PAR MATHIEU BOCK-CÔTÉ.
Cette chronique est parue dans Le Figaro du 24 avril. Nous suivons les écrits de Mathieu Bock-Côté depuis maintenant assez longtemps pour savoir que, nonobstant telles ou telles précautions d’expression, il ne cède rien d’essentiel à la modernité, ou plutôt à la modernité tardive, selon la locution que Jean-François Mattéi préférait. De plus en plus tardive, semble-t-il en ce temps d’épreuves révélatrices. Les grands cycles historiques – dont seuls se compose la vraie Histoire, selon Berdiaev – doivent avoir ceci de commun avec les grandes pandémies : ils finissent toujours par s’éteindre.

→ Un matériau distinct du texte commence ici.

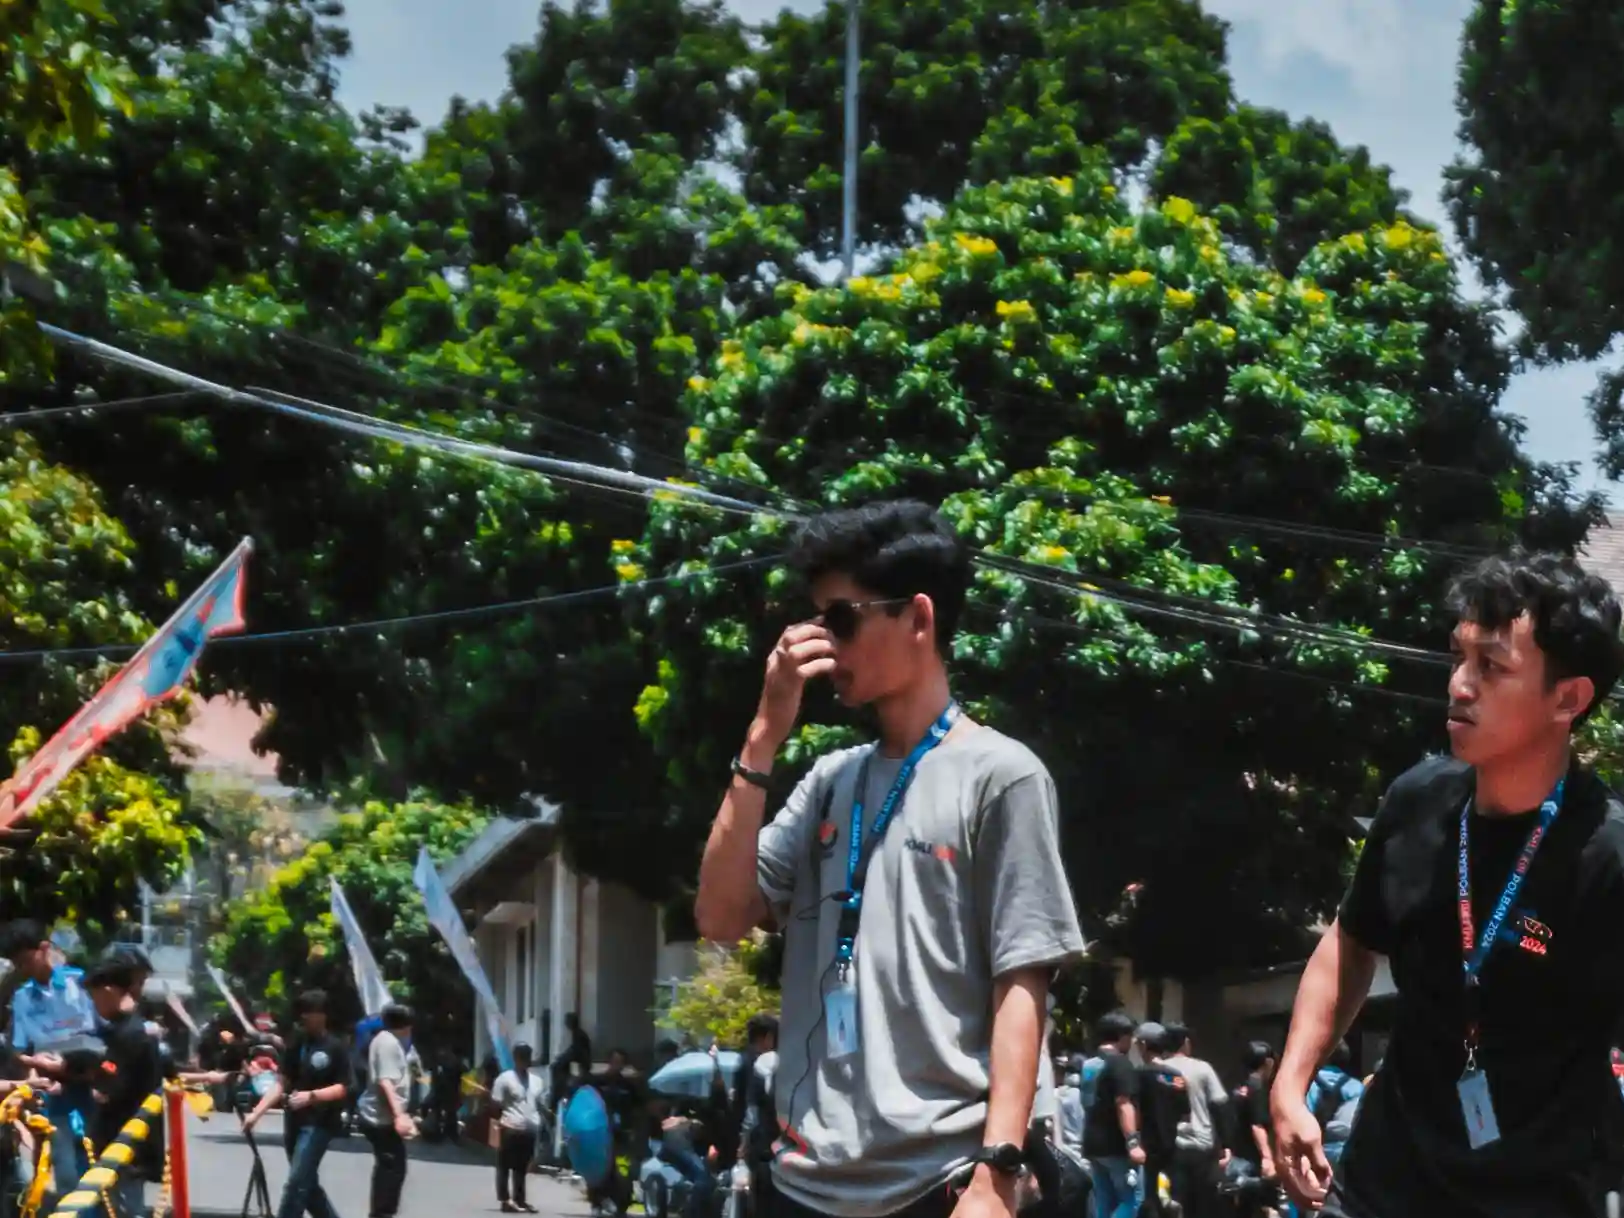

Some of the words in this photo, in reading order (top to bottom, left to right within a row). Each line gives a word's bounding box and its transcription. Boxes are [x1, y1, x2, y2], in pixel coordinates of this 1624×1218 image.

[1458, 850, 1470, 897] POLBAN
[1495, 873, 1522, 922] POLBAN
[1480, 920, 1499, 948] 2024
[1519, 935, 1548, 956] 2024

… l’étroitesse existentielle de notre temps
C’est en grognant mais de bonne foi que nos sociétés ont accepté l’expérience improbable du grand confinement. Certes, on trouvait ici et là des récalcitrants ayant de plus ou moins valables raisons de s’y opposer, mais globalement, après quelques tâtonnements, peut-être inévitables lorsque le tragique surgit et déstructure les repères communs, nos sociétés se sont encasernées. C’était une mobilisation paradoxale : chacun chez soi pour la patrie ! Malgré les contradictions dans le discours gouvernemental, le commun des mortels a compris que le confinement permettrait de contenir le désastre en évitant de mettre une pression telle sur le système de santé qu’il imploserait. Il fallait moins y voir un signe de docilité collective qu’une expression de civisme et de simple bon sens.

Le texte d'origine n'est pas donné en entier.